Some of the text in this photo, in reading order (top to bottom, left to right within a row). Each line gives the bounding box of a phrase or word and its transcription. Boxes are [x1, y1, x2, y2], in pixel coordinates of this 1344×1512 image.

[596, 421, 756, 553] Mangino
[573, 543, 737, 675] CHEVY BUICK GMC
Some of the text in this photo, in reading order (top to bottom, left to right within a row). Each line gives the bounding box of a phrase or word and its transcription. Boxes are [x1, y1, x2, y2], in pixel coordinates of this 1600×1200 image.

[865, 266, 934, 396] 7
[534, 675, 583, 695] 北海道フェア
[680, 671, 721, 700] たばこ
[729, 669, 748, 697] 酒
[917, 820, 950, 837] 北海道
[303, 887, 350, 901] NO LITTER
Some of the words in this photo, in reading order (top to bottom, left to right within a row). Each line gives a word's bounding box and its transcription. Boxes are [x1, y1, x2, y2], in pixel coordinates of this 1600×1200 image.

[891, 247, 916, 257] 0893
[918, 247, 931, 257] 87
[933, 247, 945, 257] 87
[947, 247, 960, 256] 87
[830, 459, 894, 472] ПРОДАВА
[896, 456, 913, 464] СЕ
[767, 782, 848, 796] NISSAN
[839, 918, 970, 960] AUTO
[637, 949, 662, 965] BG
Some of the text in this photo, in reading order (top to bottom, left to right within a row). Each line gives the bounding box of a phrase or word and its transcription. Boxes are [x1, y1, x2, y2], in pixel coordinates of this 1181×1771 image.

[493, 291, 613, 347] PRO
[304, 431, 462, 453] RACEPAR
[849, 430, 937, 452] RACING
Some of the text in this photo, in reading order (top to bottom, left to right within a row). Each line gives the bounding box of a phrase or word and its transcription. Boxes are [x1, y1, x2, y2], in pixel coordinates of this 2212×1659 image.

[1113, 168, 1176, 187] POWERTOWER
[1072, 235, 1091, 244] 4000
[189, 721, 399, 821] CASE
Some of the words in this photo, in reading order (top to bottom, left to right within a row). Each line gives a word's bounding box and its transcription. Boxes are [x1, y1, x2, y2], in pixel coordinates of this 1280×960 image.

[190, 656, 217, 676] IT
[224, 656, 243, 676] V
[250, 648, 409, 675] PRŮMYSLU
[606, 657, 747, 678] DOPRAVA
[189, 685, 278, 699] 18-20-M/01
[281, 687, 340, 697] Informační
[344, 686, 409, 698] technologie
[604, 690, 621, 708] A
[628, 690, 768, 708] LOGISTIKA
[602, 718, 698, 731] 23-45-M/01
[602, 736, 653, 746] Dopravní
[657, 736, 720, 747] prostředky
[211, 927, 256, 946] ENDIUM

== == ==

▶ **GOAL OF THE EXERCISE**:
From the first line to the last, transcribe the listing exactly.

▶ **RESULT FOR THIS TASK**:
Some of the text in this photo, in reading order (top to bottom, left to right within a row). Each line gives the bounding box of a phrase or word and its transcription. Boxes are [x1, y1, x2, y2], in pixel coordinates of this 1344×1512 image.

[596, 421, 756, 553] Mangino
[573, 543, 737, 675] CHEVY BUICK GMC
Some of the text in this photo, in reading order (top to bottom, left to right within a row). Each line gives the bounding box of a phrase or word and its transcription. Boxes are [x1, y1, x2, y2], in pixel coordinates of this 1600×1200 image.

[865, 266, 934, 396] 7
[534, 675, 583, 695] 北海道フェア
[680, 671, 721, 700] たばこ
[729, 669, 748, 697] 酒
[917, 820, 950, 837] 北海道
[303, 887, 350, 901] NO LITTER
Some of the words in this photo, in reading order (top to bottom, left to right within a row). Each line gives a word's bounding box and its transcription. Boxes are [x1, y1, x2, y2], in pixel coordinates of this 1600×1200 image.

[891, 247, 916, 257] 0893
[918, 247, 931, 257] 87
[933, 247, 945, 257] 87
[947, 247, 960, 256] 87
[830, 459, 894, 472] ПРОДАВА
[896, 456, 913, 464] СЕ
[767, 782, 848, 796] NISSAN
[839, 918, 970, 960] AUTO
[637, 949, 662, 965] BG
Some of the text in this photo, in reading order (top to bottom, left to right within a row). Each line gives the bounding box of a phrase or word and its transcription. Boxes are [x1, y1, x2, y2], in pixel coordinates of this 1181×1771 image.

[493, 291, 613, 347] PRO
[304, 431, 462, 453] RACEPAR
[849, 430, 937, 452] RACING
Some of the text in this photo, in reading order (top to bottom, left to right within a row). Each line gives the bounding box of a phrase or word and its transcription. Boxes are [x1, y1, x2, y2], in pixel coordinates of this 2212×1659 image.

[1113, 168, 1176, 187] POWERTOWER
[1072, 235, 1091, 244] 4000
[189, 721, 399, 821] CASE
Some of the words in this photo, in reading order (top to bottom, left to right within a row). Each line gives a word's bounding box and its transcription. Boxes are [x1, y1, x2, y2], in pixel coordinates of this 1280×960 image.

[190, 656, 217, 676] IT
[224, 656, 243, 676] V
[250, 648, 409, 675] PRŮMYSLU
[606, 657, 747, 678] DOPRAVA
[189, 685, 278, 699] 18-20-M/01
[281, 687, 340, 697] Informační
[344, 686, 409, 698] technologie
[604, 690, 621, 708] A
[628, 690, 768, 708] LOGISTIKA
[602, 718, 698, 731] 23-45-M/01
[602, 736, 653, 746] Dopravní
[657, 736, 720, 747] prostředky
[211, 927, 256, 946] ENDIUM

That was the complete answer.